The idea that objects should be organised in physical and mental space also interconnects with another theme that appeared across our study, which is that knowledge creation is an embodied process, encompassing far more than just the brain and its focussed sense of sight as an organ for processing source inputs. This is no less true in virtual than in physical spaces. Separation (of tasks, of ideas) and integration (of source material, with a community) are constantly in balance in the epistemic process, to the extent that one interviewee stressed the importance of technology for him in making it possible to access his entire personal source library from his computer at all times. These mental and physical environments, as well as the broader sensory world, of those engaged in historical humanistic research leads to an enduring dominance of multimodal personal research environments. In spite of the rise of digital humanities (which some, but not all, of the interviewees had embraced), historians still prefer to have notes, notebooks, pencils, post-its, books, printouts, and all manner of stimuli around them, in addition to their laptops and digital tools. This set of hybrid practices, spaces and tools are therefore customised to the questions and the knowledge base of the researcher(s) using them, and yet must also be flexible enough to accommodate research teams that evolve over time, software that is continually versioning up, and workflows that must be reinvented with every new experiment, even as they expand to incorporate new technological affordances. How can we study this kind of subtle and evolving phenomenon?
This paper proposes an approach to qualitative meta-research into contemporary scholarship which enables us to track and understand novel research practices and assess their impact on scholarly activity as a whole. Our approach is based on several pilot studies, and our goal has been to use these studies as “ground truth” to support a theoretically-informed, highly original methodological framework for qualitative research on DH practice: a self-reflexive approach to DH practice which is often overlooked in existing empirical studies. The primary audience of this paper, given its methodological scope, are DH researchers willing to either conduct meta-research, or to critically evaluate their own work. We believe that this kind of research should be of interest to researchers willing to understand their own method and be empowered to be critical about their work (in particular people embarking on large-scale collaborative projects). Additionally, anyone interested in interdisciplinarity should find much to think about here as well. Beyond the academic, anyone looking to fund, evaluate, promote or integrate DH (whether as a Dean or funder or research manager or policy maker) could make use of this perspective.

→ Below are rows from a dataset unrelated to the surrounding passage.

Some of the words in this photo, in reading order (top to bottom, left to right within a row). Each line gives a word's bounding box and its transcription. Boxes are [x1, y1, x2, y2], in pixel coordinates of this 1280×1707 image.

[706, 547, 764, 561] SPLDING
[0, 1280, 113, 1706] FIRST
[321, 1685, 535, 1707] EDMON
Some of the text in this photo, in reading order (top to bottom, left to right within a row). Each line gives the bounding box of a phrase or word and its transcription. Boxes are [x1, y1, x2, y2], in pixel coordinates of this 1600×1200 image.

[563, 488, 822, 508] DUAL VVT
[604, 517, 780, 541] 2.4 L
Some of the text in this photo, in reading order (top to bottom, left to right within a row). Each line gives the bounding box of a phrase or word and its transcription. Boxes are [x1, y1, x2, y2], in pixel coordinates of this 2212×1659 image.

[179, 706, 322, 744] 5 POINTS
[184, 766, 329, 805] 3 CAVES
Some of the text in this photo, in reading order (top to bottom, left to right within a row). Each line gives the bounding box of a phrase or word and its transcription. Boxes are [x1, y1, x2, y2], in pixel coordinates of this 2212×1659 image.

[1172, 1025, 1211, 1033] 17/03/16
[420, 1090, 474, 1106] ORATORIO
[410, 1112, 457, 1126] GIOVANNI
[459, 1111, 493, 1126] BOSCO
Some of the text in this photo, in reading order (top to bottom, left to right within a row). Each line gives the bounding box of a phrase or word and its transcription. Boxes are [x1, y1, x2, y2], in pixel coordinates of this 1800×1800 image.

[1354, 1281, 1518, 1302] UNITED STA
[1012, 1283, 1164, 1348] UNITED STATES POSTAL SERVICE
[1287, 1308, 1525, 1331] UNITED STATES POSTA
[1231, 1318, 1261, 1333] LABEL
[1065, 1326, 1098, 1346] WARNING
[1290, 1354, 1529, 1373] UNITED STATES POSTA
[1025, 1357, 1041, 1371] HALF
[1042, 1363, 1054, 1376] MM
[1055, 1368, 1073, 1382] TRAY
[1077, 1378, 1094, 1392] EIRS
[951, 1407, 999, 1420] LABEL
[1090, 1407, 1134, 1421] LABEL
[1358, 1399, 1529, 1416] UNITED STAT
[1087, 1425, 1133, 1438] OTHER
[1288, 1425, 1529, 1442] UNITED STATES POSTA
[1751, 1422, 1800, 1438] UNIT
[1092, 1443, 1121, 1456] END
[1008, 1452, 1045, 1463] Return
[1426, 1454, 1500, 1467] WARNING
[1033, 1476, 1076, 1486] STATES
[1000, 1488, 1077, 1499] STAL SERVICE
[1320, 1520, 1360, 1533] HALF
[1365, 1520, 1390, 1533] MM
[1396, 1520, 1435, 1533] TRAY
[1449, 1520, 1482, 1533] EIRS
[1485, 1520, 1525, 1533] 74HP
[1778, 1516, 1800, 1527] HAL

The rationale for meta-research in DH, viewed as an integrative framework, could be explained in four dimensions: ontology (how do we conceptualize the domain of research), epistemology (what is the knowledge we are seeking to produce), axiology (what values shape the object and process of our research, i.e., the infamous “so what” question), and methodology (research design and method selection to address these issues).
At the ontological level we conceive of DH research as a practice based on symbolic interactions involving purposeful action by researchers. Hence DH is treated not merely as empirical reality (accessible only through empirical study) but also as consisting of such elements as motivations and norms of researchers, or goals and objectives served by their research choices, or the criteria, often implicit, of what constitutes “good research.” These ontological commitments bring our work close to the model of purposeful human activity established by cultural-historical activity theory [Leont’ev 1978] [Engeström 2000]. Figure 1 offers an informal model representing this ontological view.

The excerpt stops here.